Envelope Counter

The envelope counter is built as an 8 bit ripple counter with inverted odd bits.

This is the layout of two bits:

The even bits are comprised of an XOR logic that sums the Carry in and the previous bit value and an inverted XOR gate that inverts the output when counting downwards. The bit value is inverted when the cnt_clk_inv is high, which happens when counting direction switches.

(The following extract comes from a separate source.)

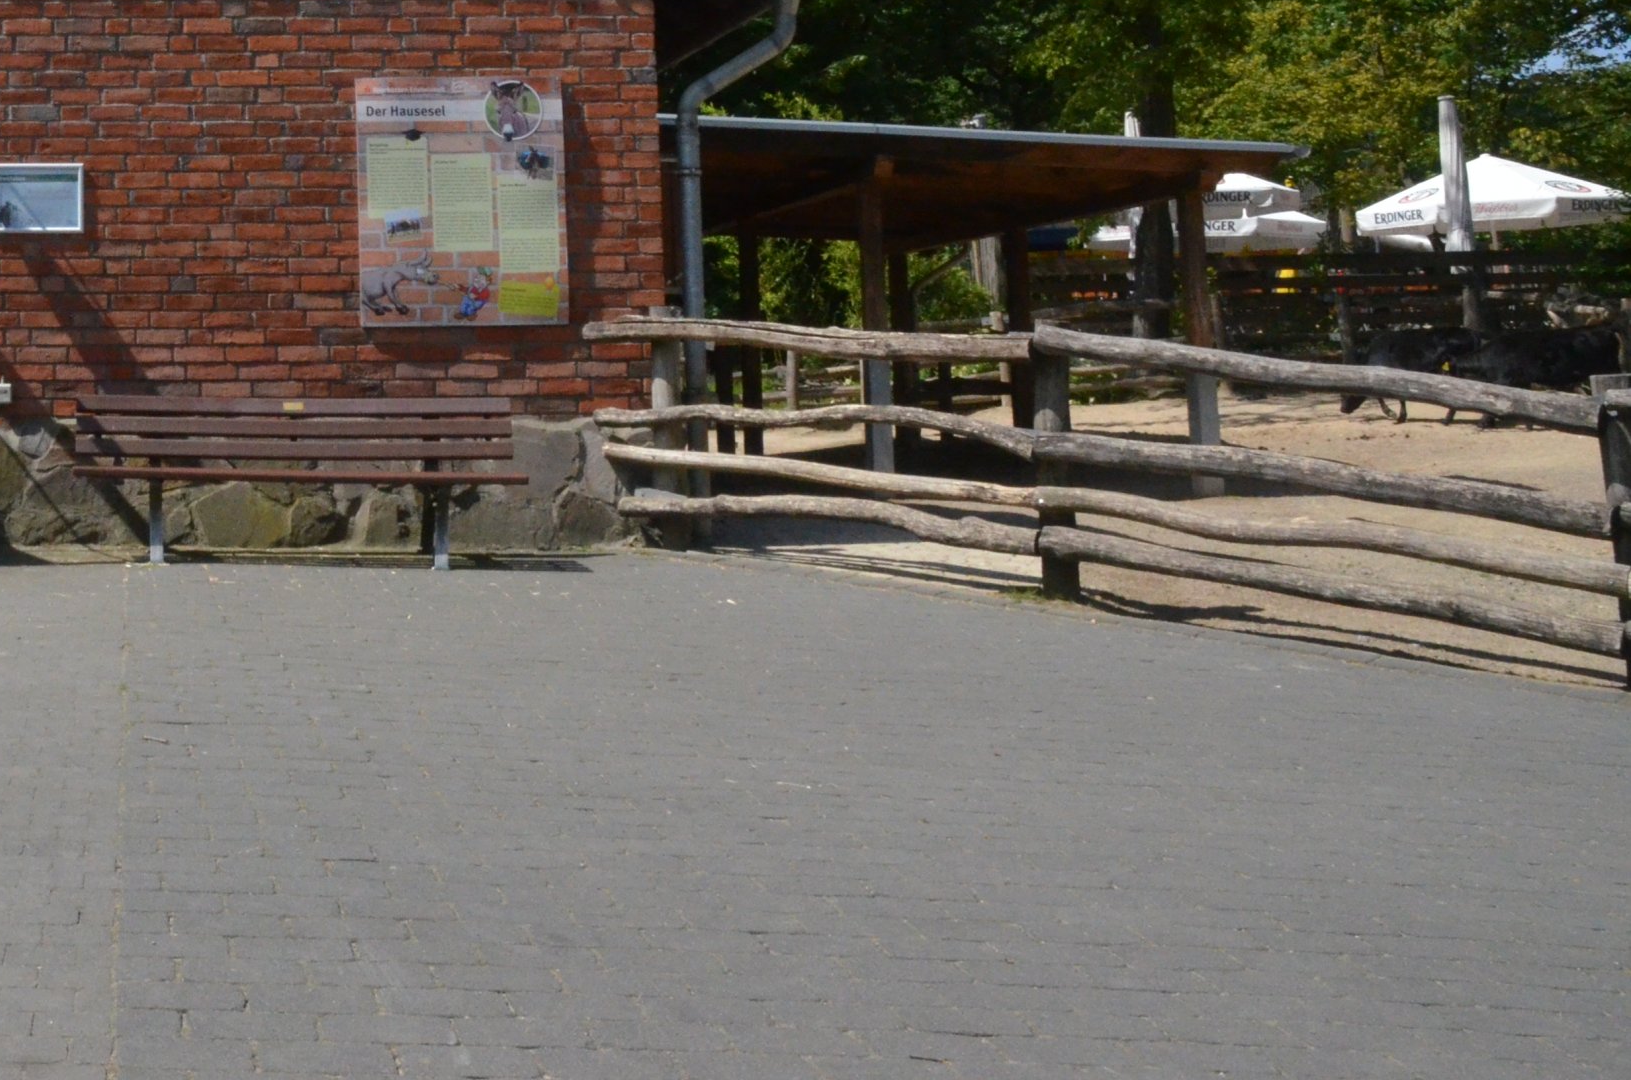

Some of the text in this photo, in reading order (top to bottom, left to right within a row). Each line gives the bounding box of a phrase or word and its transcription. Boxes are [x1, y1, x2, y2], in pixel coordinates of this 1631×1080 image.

The carry output is calculated as following:

• Cout = ¬(/Cin ∨ /bit_old)

The new bit value is obtained with this formula:

• bit_new = ¬(Cout ∨ (/bit_old ∧ /Cin)) = /Cin ⊕ /bit_old

And the bit output is calculated as:

• cnt_out = ¬((bit_new ∧ ¬cnt_up) ∨ (¬bit_new ∧ cnt_up)) = ¬(bit_new ⊕ cnt_up)

(bit_old is used in place of /bit_old when cnt_clk_inv is active)

For the odd bits the first XOR logic is inverted.

The carry output is calculated as following:

• /Cout = ¬(Cin ∧ bit_old)

And the new bit value is calculated as:

• /bit_new = ¬(/Cout ∧ (bit_old ∨ Cin)) = ¬(Cin ⊕ bit_old)

And the bit output is calculated as:

• /cnt_out = ¬((/bit_new ∧ ¬cnt_up) ∨ (¬/bit_new ∧ cnt_up)) = ¬(/bit_new ⊕ cnt_up)

(/bit_old is used in place of bit_old when cnt_clk_inv is active)

These tables summarize the bit logic:

Even:

/Cin	/bit_old	Cout	bit_new
0	0	1	0
0	1	0	1
1	0	0	1
1	1	0	0

cnt_up	bit_new	cnt_out
0	0	1
0	1	0
1	0	0
1	1	1

Odd:

Cin	bit_old	/Cout	/bit_new
0	0	1	1
0	1	1	0
1	0	1	0
1	1	0	1

cnt_up	/bit_new	/cnt_out
0	0	1
0	1	0
1	0	0
1	1	1

The bit_new value is the sum of bit_old and the carry from the previous bit. The input carry for bit 0, active low, controls the counter clocking while the cnt_up signal controls the counter direction, inverting the output when low. The feedback loop is controlled by the cnt_clk signal except in the cycle when counting direction changes during which cnt_clk_inv is used to invert the bit values.